▸ **AIM OF THE EXERCISE**
For the records below, reproduce exactly the line that contains "this 1755×946 image." and all subsequent lines, with nothing left out and nothing added.

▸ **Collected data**

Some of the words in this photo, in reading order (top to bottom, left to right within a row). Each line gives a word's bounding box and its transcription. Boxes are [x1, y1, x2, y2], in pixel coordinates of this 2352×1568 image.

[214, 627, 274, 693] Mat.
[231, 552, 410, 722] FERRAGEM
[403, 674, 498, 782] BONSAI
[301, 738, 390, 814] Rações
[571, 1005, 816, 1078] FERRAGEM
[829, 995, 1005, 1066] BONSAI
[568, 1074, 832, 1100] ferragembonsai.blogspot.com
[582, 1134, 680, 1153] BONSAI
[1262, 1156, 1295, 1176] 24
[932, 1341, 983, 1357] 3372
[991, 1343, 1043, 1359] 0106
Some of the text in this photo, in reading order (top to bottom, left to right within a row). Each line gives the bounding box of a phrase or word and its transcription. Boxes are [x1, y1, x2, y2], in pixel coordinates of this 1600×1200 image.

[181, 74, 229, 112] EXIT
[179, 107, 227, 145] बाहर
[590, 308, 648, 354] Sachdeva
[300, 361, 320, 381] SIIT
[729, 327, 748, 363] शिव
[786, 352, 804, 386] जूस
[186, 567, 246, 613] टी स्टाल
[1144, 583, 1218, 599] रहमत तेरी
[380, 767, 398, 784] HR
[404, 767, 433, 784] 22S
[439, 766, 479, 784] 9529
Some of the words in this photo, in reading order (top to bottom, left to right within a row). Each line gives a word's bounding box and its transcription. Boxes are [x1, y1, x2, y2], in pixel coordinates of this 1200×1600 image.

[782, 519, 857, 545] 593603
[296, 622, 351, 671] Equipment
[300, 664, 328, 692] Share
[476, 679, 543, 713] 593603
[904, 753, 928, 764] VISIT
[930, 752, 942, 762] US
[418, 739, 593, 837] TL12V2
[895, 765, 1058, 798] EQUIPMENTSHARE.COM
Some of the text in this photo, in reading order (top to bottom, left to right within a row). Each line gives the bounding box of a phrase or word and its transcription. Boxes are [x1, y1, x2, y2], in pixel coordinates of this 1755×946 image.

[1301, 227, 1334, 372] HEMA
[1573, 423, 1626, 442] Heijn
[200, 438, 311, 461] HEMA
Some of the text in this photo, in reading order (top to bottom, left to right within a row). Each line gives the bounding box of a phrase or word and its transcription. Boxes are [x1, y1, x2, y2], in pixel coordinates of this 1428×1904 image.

▸ **EXERCISE RESULT**
Some of the text in this photo, in reading order (top to bottom, left to right within a row). Each line gives the bounding box of a phrase or word and its transcription. Boxes are [x1, y1, x2, y2], in pixel coordinates of this 1755×946 image.

[1301, 227, 1334, 372] HEMA
[1573, 423, 1626, 442] Heijn
[200, 438, 311, 461] HEMA
Some of the text in this photo, in reading order (top to bottom, left to right within a row). Each line gives the bounding box of a phrase or word and its transcription. Boxes are [x1, y1, x2, y2], in pixel coordinates of this 1428×1904 image.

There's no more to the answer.